China is the top target for DDoS reflection attacks
China bore the brunt of DDoS reflection attacks last month, with 61 percent of the top attack destinations observed hitting Chinese-based systems, according to Nexusguard. Of the 21,845 attack events during the period, 77 percent of them used NTP vulnerabilities, reinforcing hackers’ favor for the vector as the most popular DDoS reflection method.
Organizations continue to see increases in distributed reflection denial-of-service (DrDoS) attacks due to the ease with which hackers can start the attacks and their high amplification, causing outages and masking infrastructure intrusions and other digital mischief.
The sustained popularity of NTP reflection attacks secured the top spot in the 21,845 attack events measured between Sept. 1 and Sept. 30, 2015.

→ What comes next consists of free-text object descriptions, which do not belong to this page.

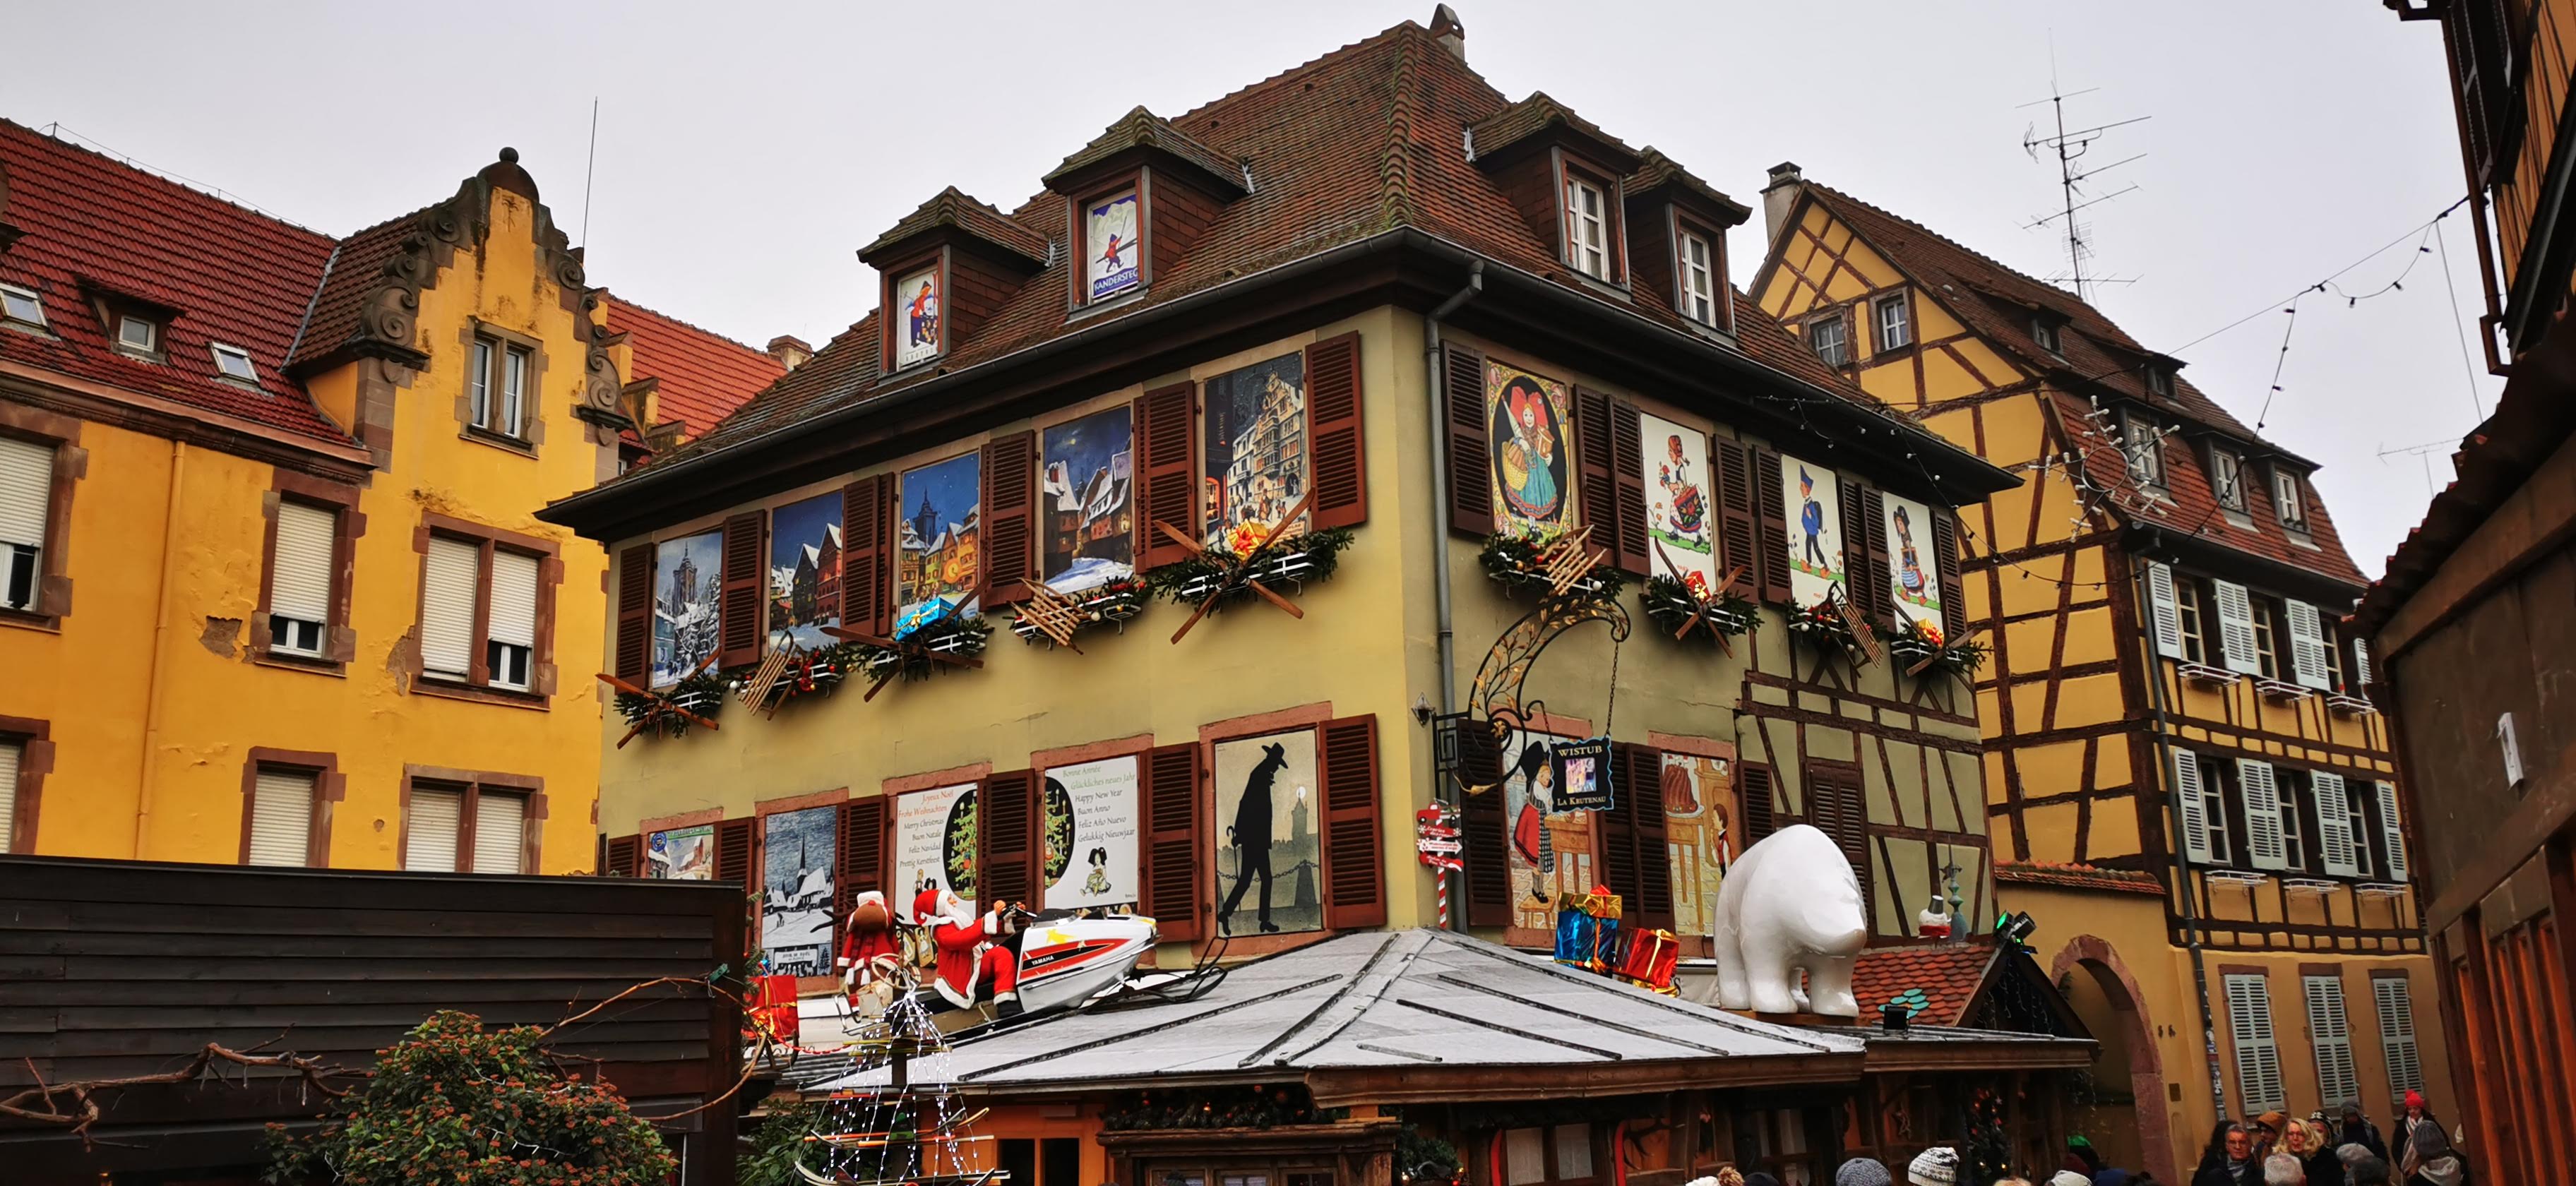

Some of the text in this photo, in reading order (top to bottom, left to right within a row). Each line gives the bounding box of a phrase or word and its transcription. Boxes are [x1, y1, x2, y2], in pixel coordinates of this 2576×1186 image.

[1094, 268, 1138, 292] KANDERSTEG
[1558, 745, 1602, 757] WISTUB
[1071, 778, 1104, 789] Glückliches
[1123, 772, 1135, 784] Jahr
[1075, 795, 1094, 804] Happy
[1078, 819, 1092, 829] Feliz
[1107, 816, 1126, 825] Nuevo
[909, 842, 941, 853] Feliz Navidad
[1031, 955, 1054, 966] YAMAHA

CHARGEN was the second-most scanned protocol at 35 percent of the 23,743 scan events. Although there has been less need for the protocol in recent times, many CHARGEN-enabled devices are online worldwide, with the default settings leaving the protocol vulnerable.
Key findings:
- Sept. 2 showed a single target event, which used NTP vulnerabilities for multiple attacks that lasted for more than 9 hours. This may correlate with crises in Europe and the Middle East regarding reports on Europe’s refugee response and conflicts in Syria.
- CHARGEN scans gradually increased in frequency over the course of the month, while SSDP scans trended downward.

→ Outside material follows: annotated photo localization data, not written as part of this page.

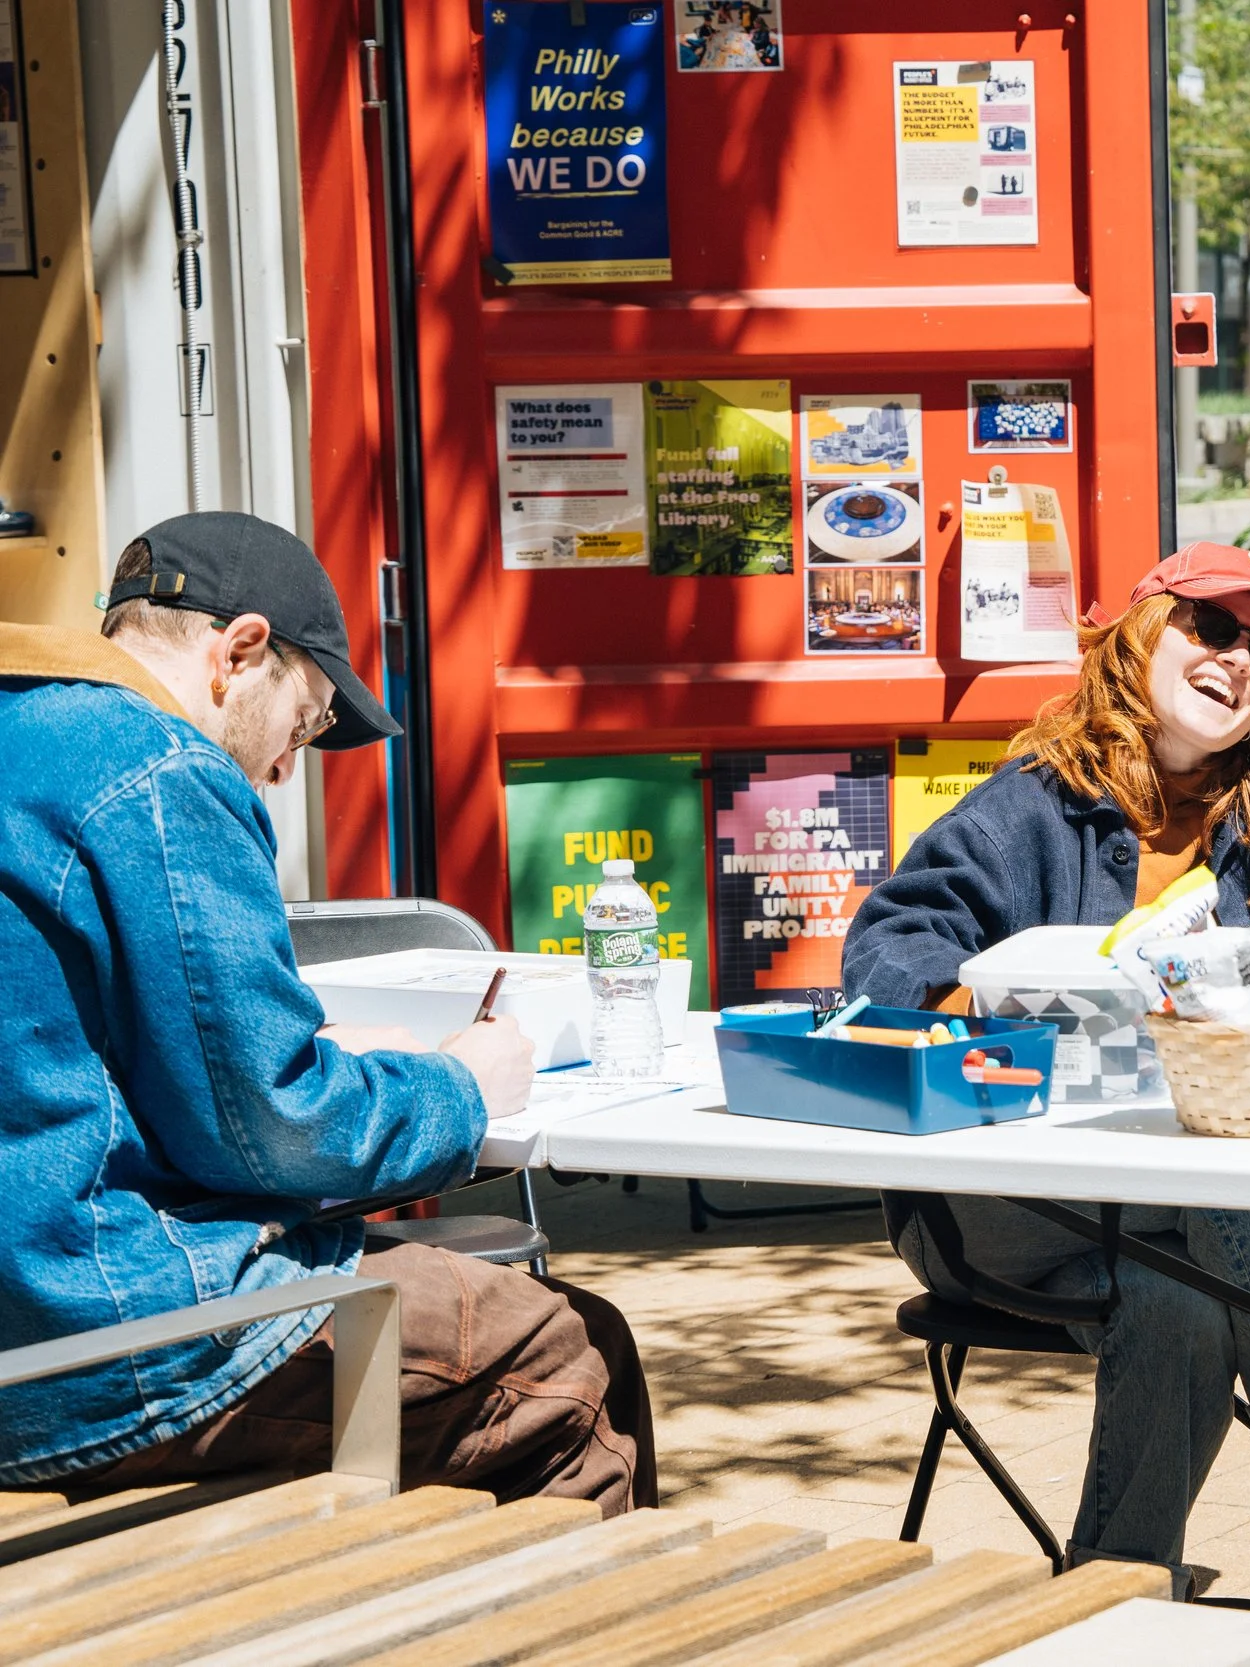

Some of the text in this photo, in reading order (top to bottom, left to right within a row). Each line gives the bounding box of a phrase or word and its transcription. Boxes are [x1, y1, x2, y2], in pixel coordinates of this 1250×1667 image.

[535, 48, 619, 79] Philly
[531, 86, 625, 112] Works
[510, 123, 644, 149] because
[507, 153, 647, 191] WE DO
[539, 231, 572, 239] Common
[510, 402, 592, 414] What does
[510, 417, 603, 430] safety mean
[510, 431, 565, 445] to you?
[656, 446, 739, 461] Fund full
[657, 468, 735, 486] staffing
[658, 491, 760, 504] at the Free
[658, 511, 735, 528] Library.
[924, 782, 960, 795] WAKE
[765, 807, 839, 830] $1.8M
[564, 829, 653, 865] FUND
[755, 829, 851, 850] FOR PA
[722, 850, 884, 874] IMMIGRANT
[754, 872, 855, 895] FAMILY
[762, 895, 846, 917] UNITY
[743, 916, 853, 940] PROJEC
[602, 932, 640, 950] Poland
[605, 944, 642, 964] Spring

- The second-highest volume source network for attack scans was Comcast. Given the Internet service provider is based in the U.S., the high volume may be attributable to a large number of hosting companies that are quick to respond to abuse reports.
“We were not surprised by who was scanning or attacking, as much as who was not there. We were expecting to see a list of malicious hosting companies scanning and a number of DDoS mitigation providers being attacked, but these types of organizations weren’t as active in September,” Zane Witherspoon, security researcher at Nexusguard, told Help Net Security.